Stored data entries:
-- -- --

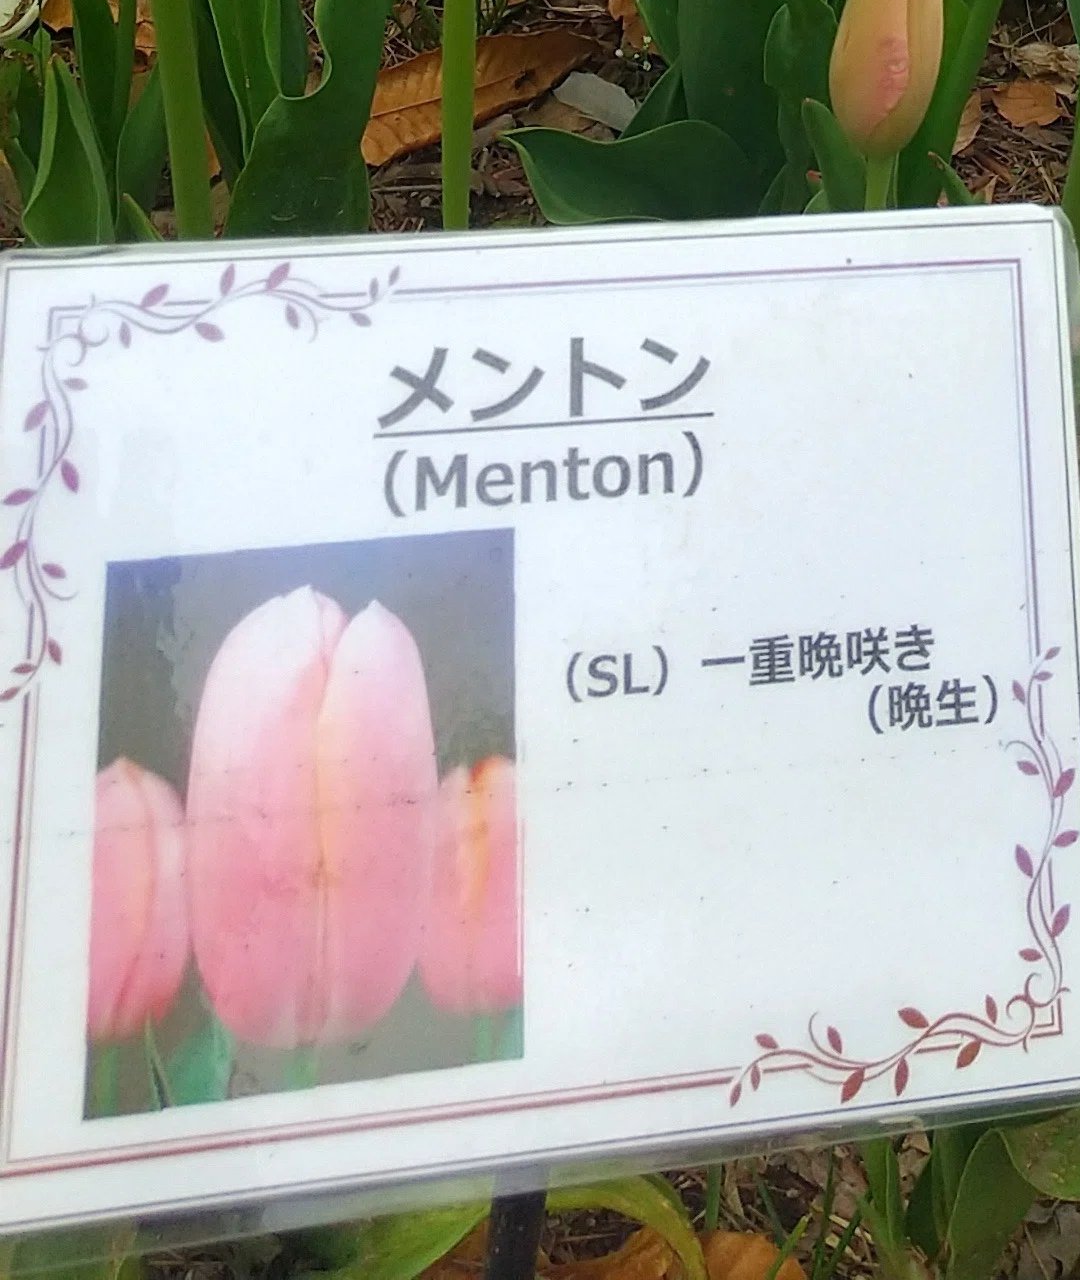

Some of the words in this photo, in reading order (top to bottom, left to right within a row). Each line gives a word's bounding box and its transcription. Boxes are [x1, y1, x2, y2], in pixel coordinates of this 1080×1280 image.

[377, 337, 711, 430] メントン
[383, 430, 704, 518] (Menton)
[701, 624, 935, 686] 一重晩咲き
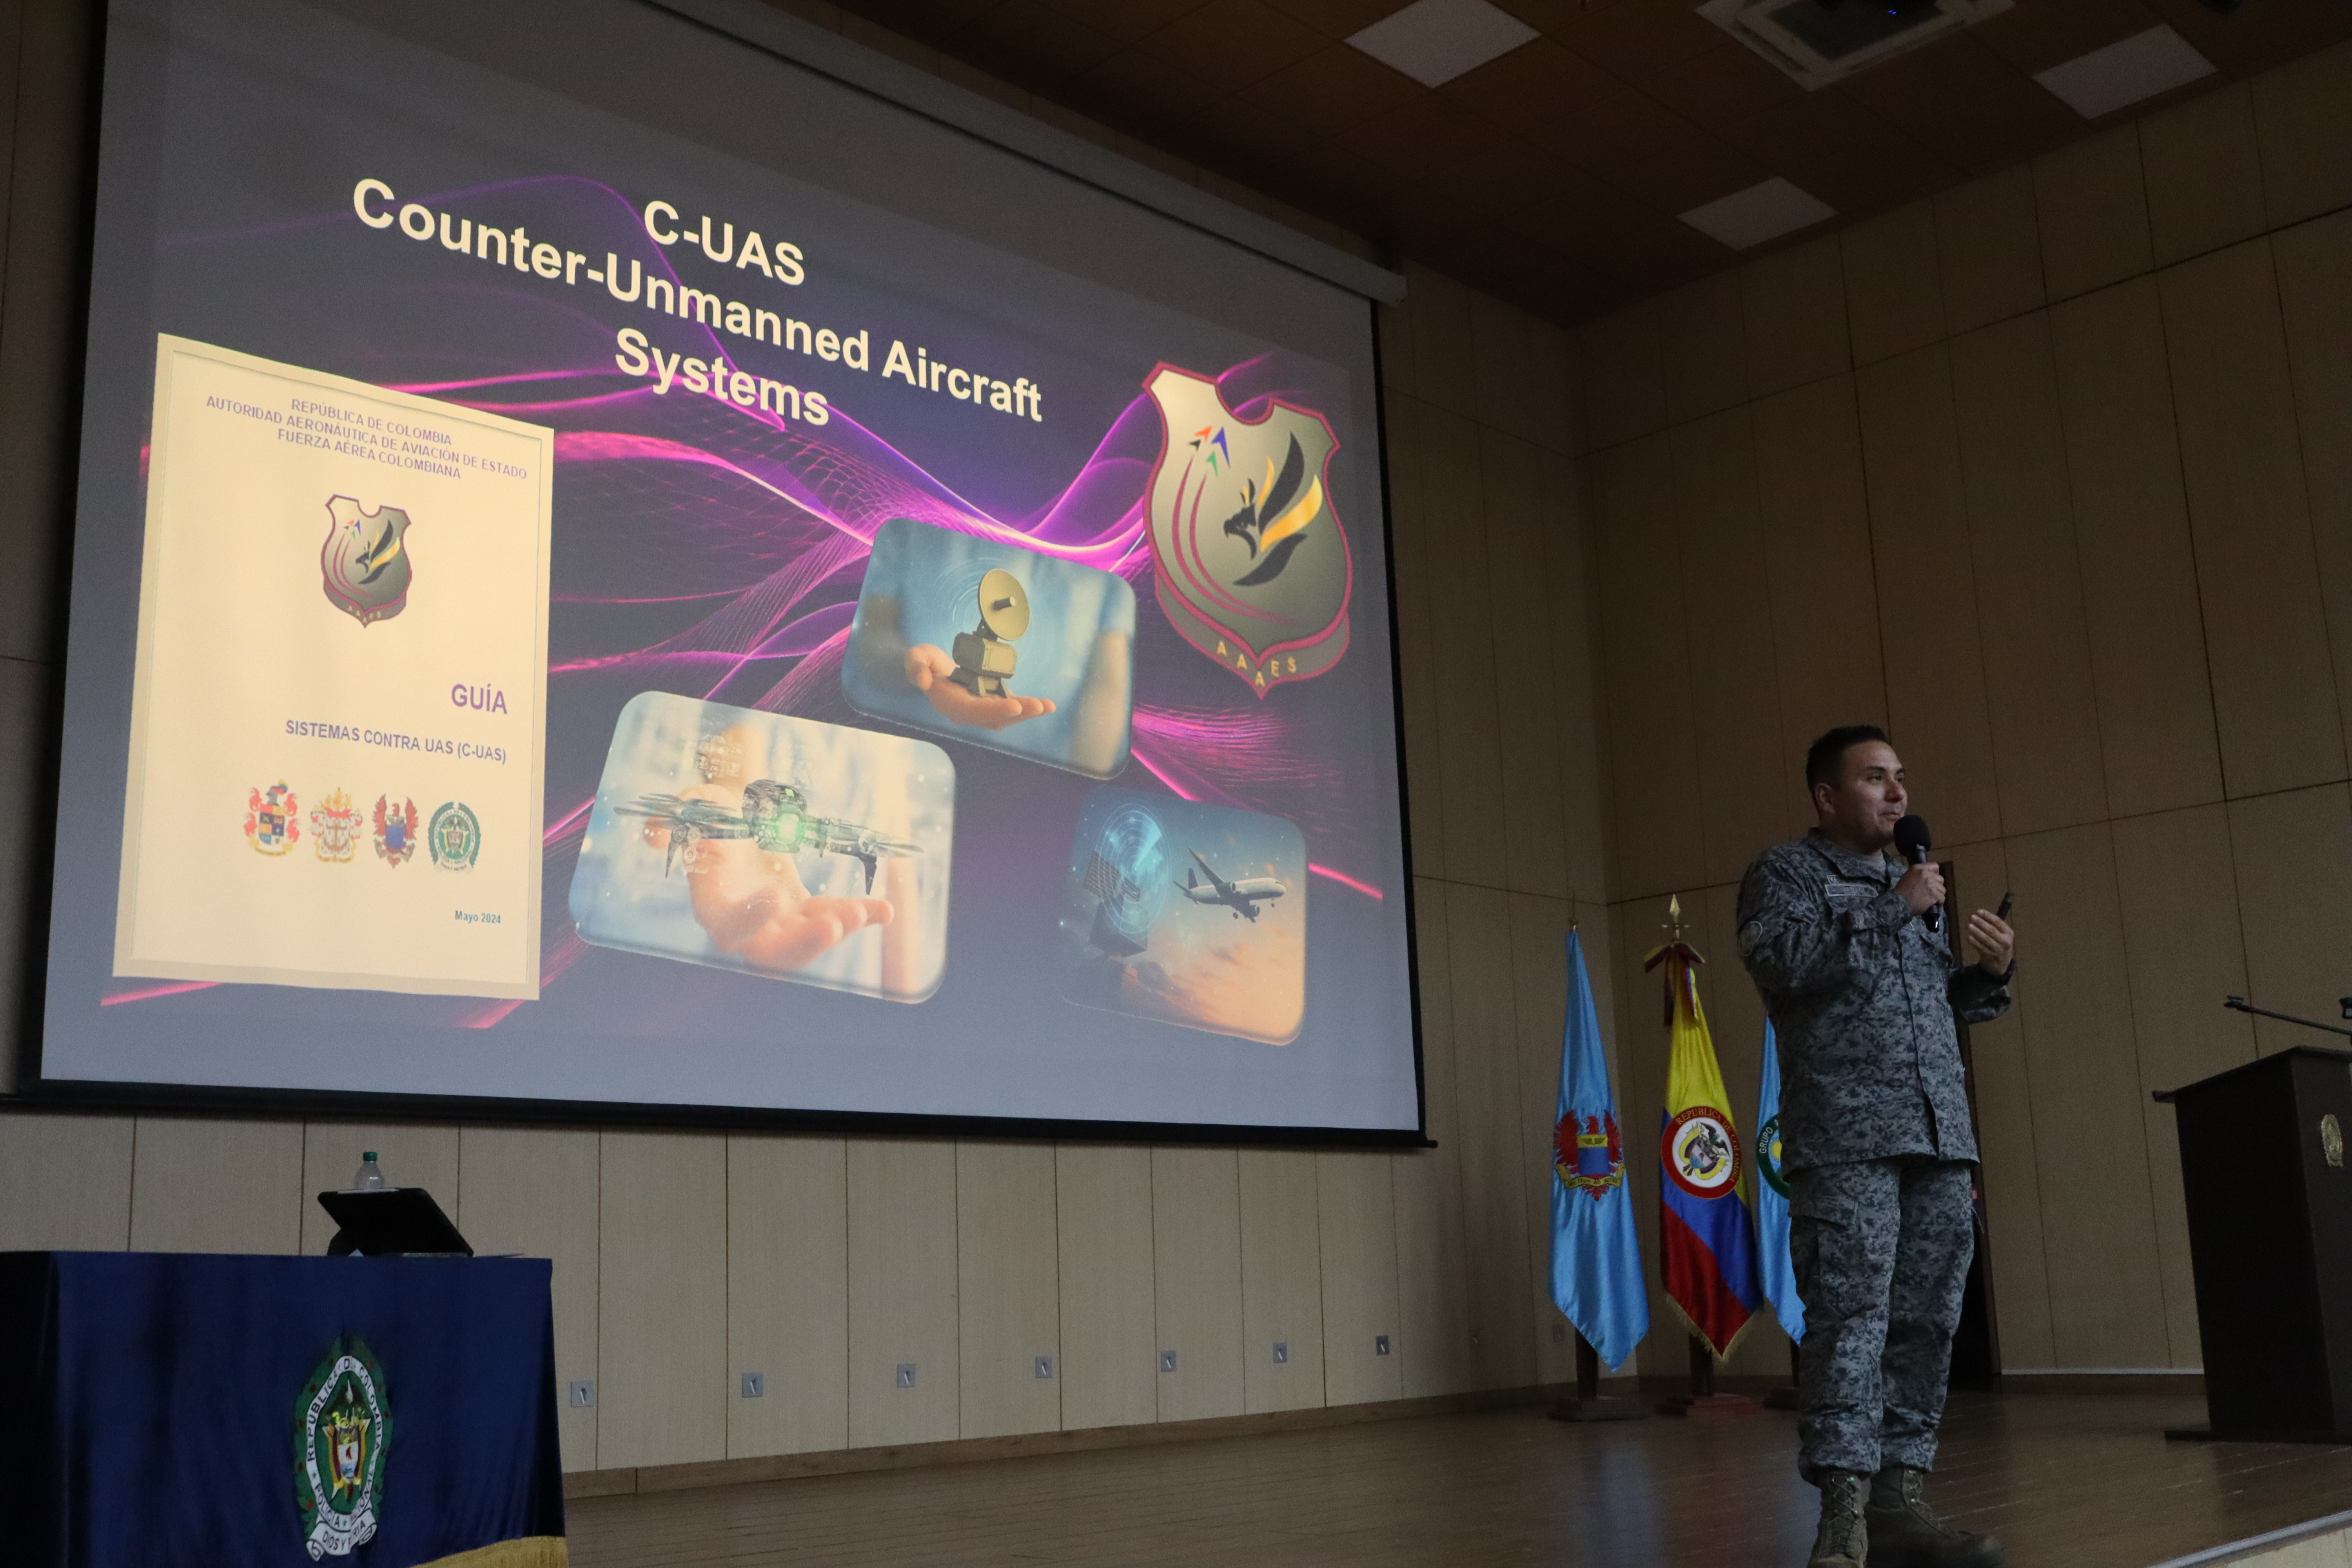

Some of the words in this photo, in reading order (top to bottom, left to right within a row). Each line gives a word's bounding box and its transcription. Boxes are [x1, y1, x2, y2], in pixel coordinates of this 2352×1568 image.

[644, 200, 805, 285] C-UAS
[353, 178, 868, 372] Counter-Unmanned
[882, 340, 1043, 422] Aircraft
[616, 328, 830, 426] Systems
[207, 396, 282, 423] AUTORIDAD
[286, 415, 377, 445] AERONÁUTICA
[382, 436, 397, 450] DE
[401, 441, 459, 463] AVIACIÓN
[463, 454, 477, 468] DE
[482, 459, 527, 479] ESTADO
[291, 399, 364, 426] REPÚBLICA
[367, 417, 383, 430] DE
[387, 422, 451, 445] COLOMBIA
[278, 428, 330, 449] FUERZA
[334, 439, 375, 460] AÉREA
[379, 452, 461, 479] COLOMBIANA
[451, 683, 508, 715] GUÍA
[286, 720, 360, 741] SISTEMAS
[364, 730, 420, 751] CONTRA
[425, 739, 454, 755] UAS
[457, 742, 506, 765] (C-UAS)
[455, 910, 478, 924] Mayo
[481, 913, 501, 924] 2024
[1759, 1126, 1773, 1154] GRUPO
[322, 1530, 339, 1550] DIOS
[341, 1539, 346, 1550] Y

-- -- --

- _What the exercise asks_
Copy exactly the line that contains "this 2352×1568 image." and every line after it, up to and including the last line of the records.

- _Response to the exercise_
Some of the words in this photo, in reading order (top to bottom, left to right within a row). Each line gives a word's bounding box and its transcription. Boxes are [x1, y1, x2, y2], in pixel coordinates of this 2352×1568 image.

[644, 200, 805, 285] C-UAS
[353, 178, 868, 372] Counter-Unmanned
[882, 340, 1043, 422] Aircraft
[616, 328, 830, 426] Systems
[207, 396, 282, 423] AUTORIDAD
[286, 415, 377, 445] AERONÁUTICA
[382, 436, 397, 450] DE
[401, 441, 459, 463] AVIACIÓN
[463, 454, 477, 468] DE
[482, 459, 527, 479] ESTADO
[291, 399, 364, 426] REPÚBLICA
[367, 417, 383, 430] DE
[387, 422, 451, 445] COLOMBIA
[278, 428, 330, 449] FUERZA
[334, 439, 375, 460] AÉREA
[379, 452, 461, 479] COLOMBIANA
[451, 683, 508, 715] GUÍA
[286, 720, 360, 741] SISTEMAS
[364, 730, 420, 751] CONTRA
[425, 739, 454, 755] UAS
[457, 742, 506, 765] (C-UAS)
[455, 910, 478, 924] Mayo
[481, 913, 501, 924] 2024
[1759, 1126, 1773, 1154] GRUPO
[322, 1530, 339, 1550] DIOS
[341, 1539, 346, 1550] Y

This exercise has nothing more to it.